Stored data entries
● ● ● ● ●

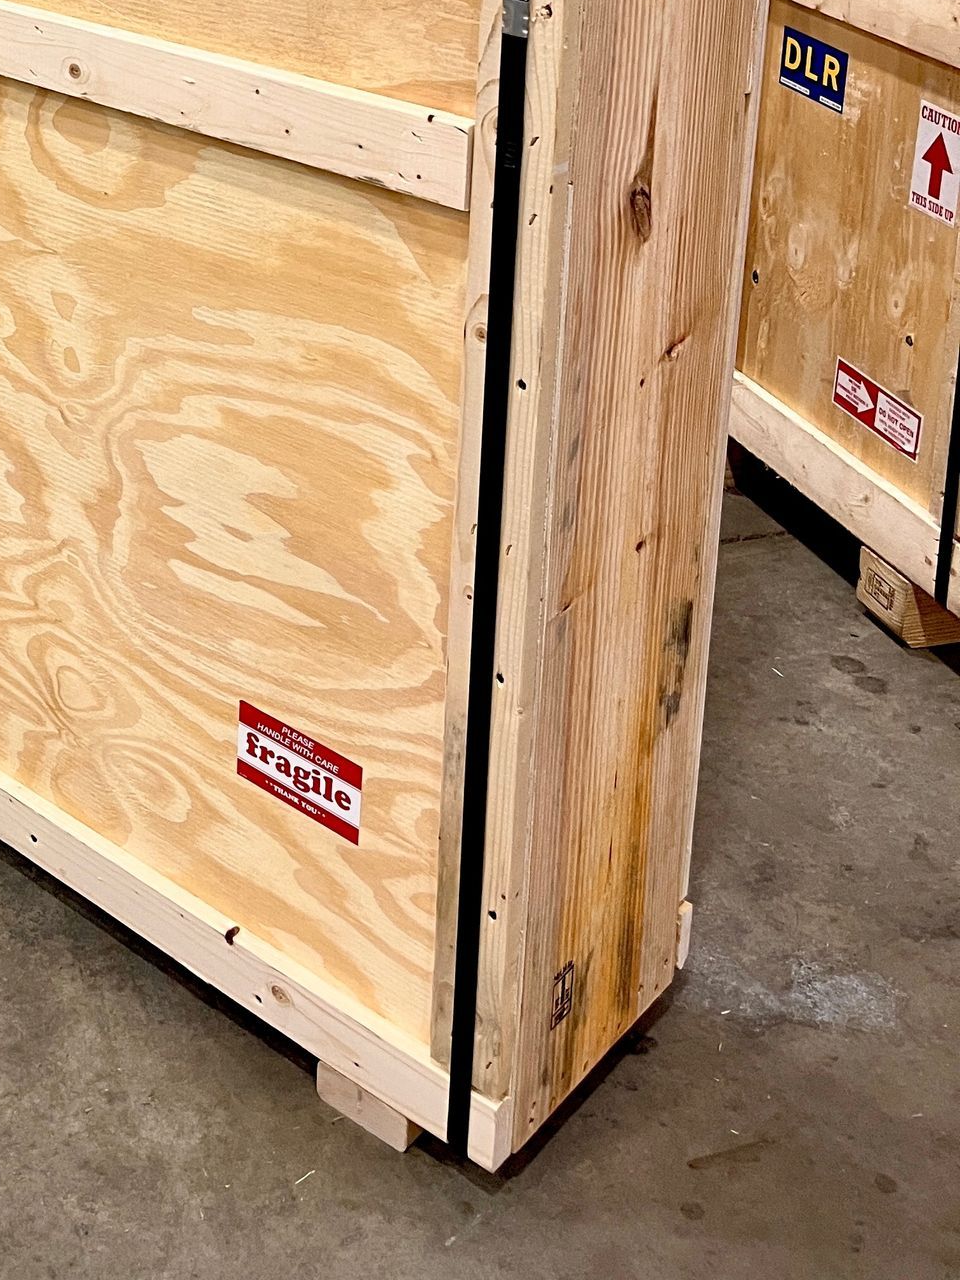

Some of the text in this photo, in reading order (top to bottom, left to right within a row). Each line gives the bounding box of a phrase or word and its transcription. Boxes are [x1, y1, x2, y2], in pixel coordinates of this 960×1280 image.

[784, 36, 840, 91] DLR
[911, 190, 954, 222] THIS SIDE UP
[256, 722, 340, 775] HANDLE WITH CARE
[281, 726, 314, 750] PLEASE
[245, 731, 352, 811] fragile
[273, 784, 317, 815] THANK YOU

● ● ● ● ●

ABOUT THIS TASK
When you transcribe the lines above, keep every word exact but leave the pictures behind.

TASK SOLUTION
Some of the text in this photo, in reading order (top to bottom, left to right within a row). Each line gives the bounding box of a phrase or word and its transcription. Boxes are [x1, y1, x2, y2], in pixel coordinates of this 960×1280 image.

[784, 36, 840, 91] DLR
[911, 190, 954, 222] THIS SIDE UP
[256, 722, 340, 775] HANDLE WITH CARE
[281, 726, 314, 750] PLEASE
[245, 731, 352, 811] fragile
[273, 784, 317, 815] THANK YOU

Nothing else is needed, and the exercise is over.